§ What the task asks
Set down all of the entries below word for word, with the pictures left out.

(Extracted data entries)
▬▬▬

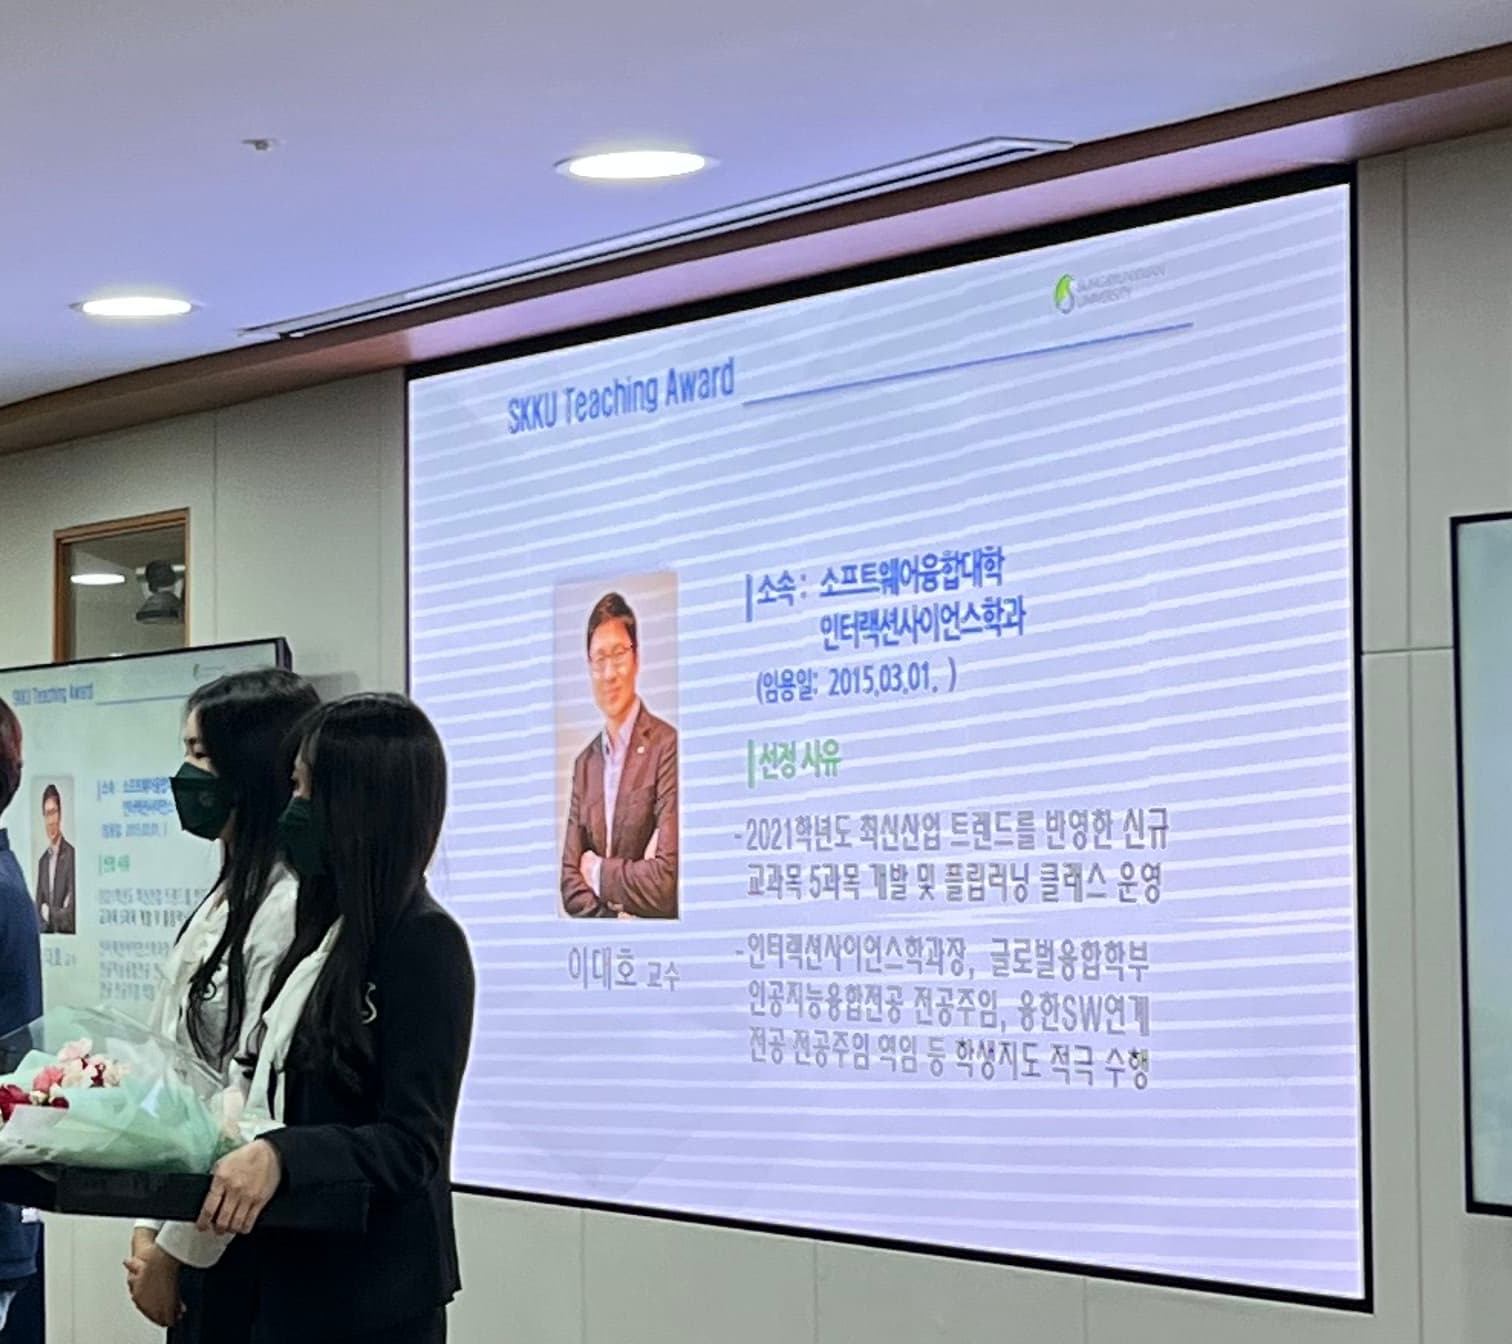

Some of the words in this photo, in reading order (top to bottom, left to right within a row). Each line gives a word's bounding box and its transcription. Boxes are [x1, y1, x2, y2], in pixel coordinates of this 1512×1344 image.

[507, 391, 558, 434] SKKU
[563, 376, 658, 426] Teaching
[665, 356, 735, 406] Award
[819, 546, 1006, 597] 소프트웨어융합대학
[820, 595, 1027, 651] 인터랙션사이언스학과
[759, 741, 796, 780] 선정
[801, 738, 842, 777] 사유
[859, 812, 941, 851] 최신산업
[951, 810, 1036, 850] 트렌드를
[1046, 809, 1113, 850] 반영한
[1123, 808, 1169, 849] 신규
[747, 863, 801, 900] 교과목
[809, 863, 860, 900] 5과목
[869, 863, 908, 900] 개발
[917, 863, 935, 900] 및
[945, 862, 1029, 903] 플립러닝
[1040, 862, 1107, 903] 클래스
[1117, 861, 1161, 904] 운영
[569, 946, 637, 991] 이대호
[647, 961, 681, 992] 교수
[990, 937, 1149, 982] 글로벌융합학부
[749, 979, 903, 1025] 인공지능융합전공
[749, 1026, 785, 1064] 전공
[793, 1029, 869, 1070] 전공주임
[878, 1033, 917, 1073] 역임
[927, 1036, 946, 1077] 등
[956, 1037, 1041, 1081] 학생지도
[1050, 1043, 1093, 1086] 적극
[1105, 1048, 1149, 1090] 수행
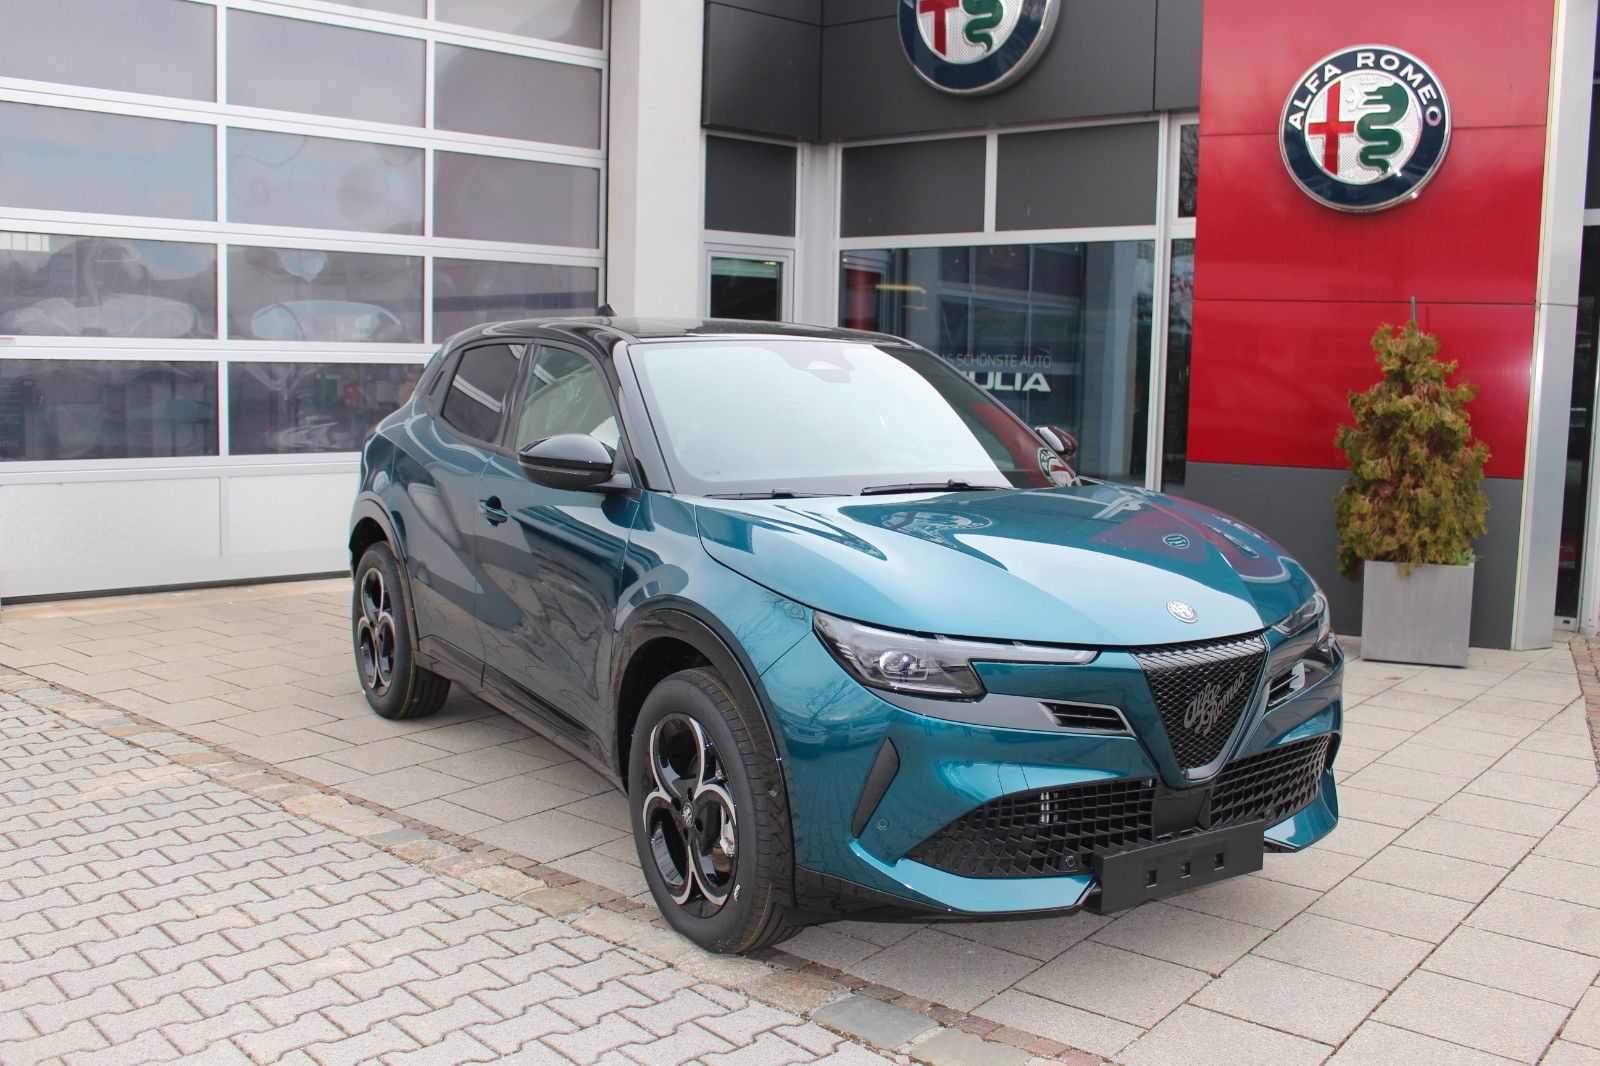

▬▬▬

§ Finished exercise
Some of the words in this photo, in reading order (top to bottom, left to right within a row). Each line gives a word's bounding box and its transcription. Boxes are [x1, y1, x2, y2], in pixel coordinates of this 1512×1344 image.

[507, 391, 558, 434] SKKU
[563, 376, 658, 426] Teaching
[665, 356, 735, 406] Award
[819, 546, 1006, 597] 소프트웨어융합대학
[820, 595, 1027, 651] 인터랙션사이언스학과
[759, 741, 796, 780] 선정
[801, 738, 842, 777] 사유
[859, 812, 941, 851] 최신산업
[951, 810, 1036, 850] 트렌드를
[1046, 809, 1113, 850] 반영한
[1123, 808, 1169, 849] 신규
[747, 863, 801, 900] 교과목
[809, 863, 860, 900] 5과목
[869, 863, 908, 900] 개발
[917, 863, 935, 900] 및
[945, 862, 1029, 903] 플립러닝
[1040, 862, 1107, 903] 클래스
[1117, 861, 1161, 904] 운영
[569, 946, 637, 991] 이대호
[647, 961, 681, 992] 교수
[990, 937, 1149, 982] 글로벌융합학부
[749, 979, 903, 1025] 인공지능융합전공
[749, 1026, 785, 1064] 전공
[793, 1029, 869, 1070] 전공주임
[878, 1033, 917, 1073] 역임
[927, 1036, 946, 1077] 등
[956, 1037, 1041, 1081] 학생지도
[1050, 1043, 1093, 1086] 적극
[1105, 1048, 1149, 1090] 수행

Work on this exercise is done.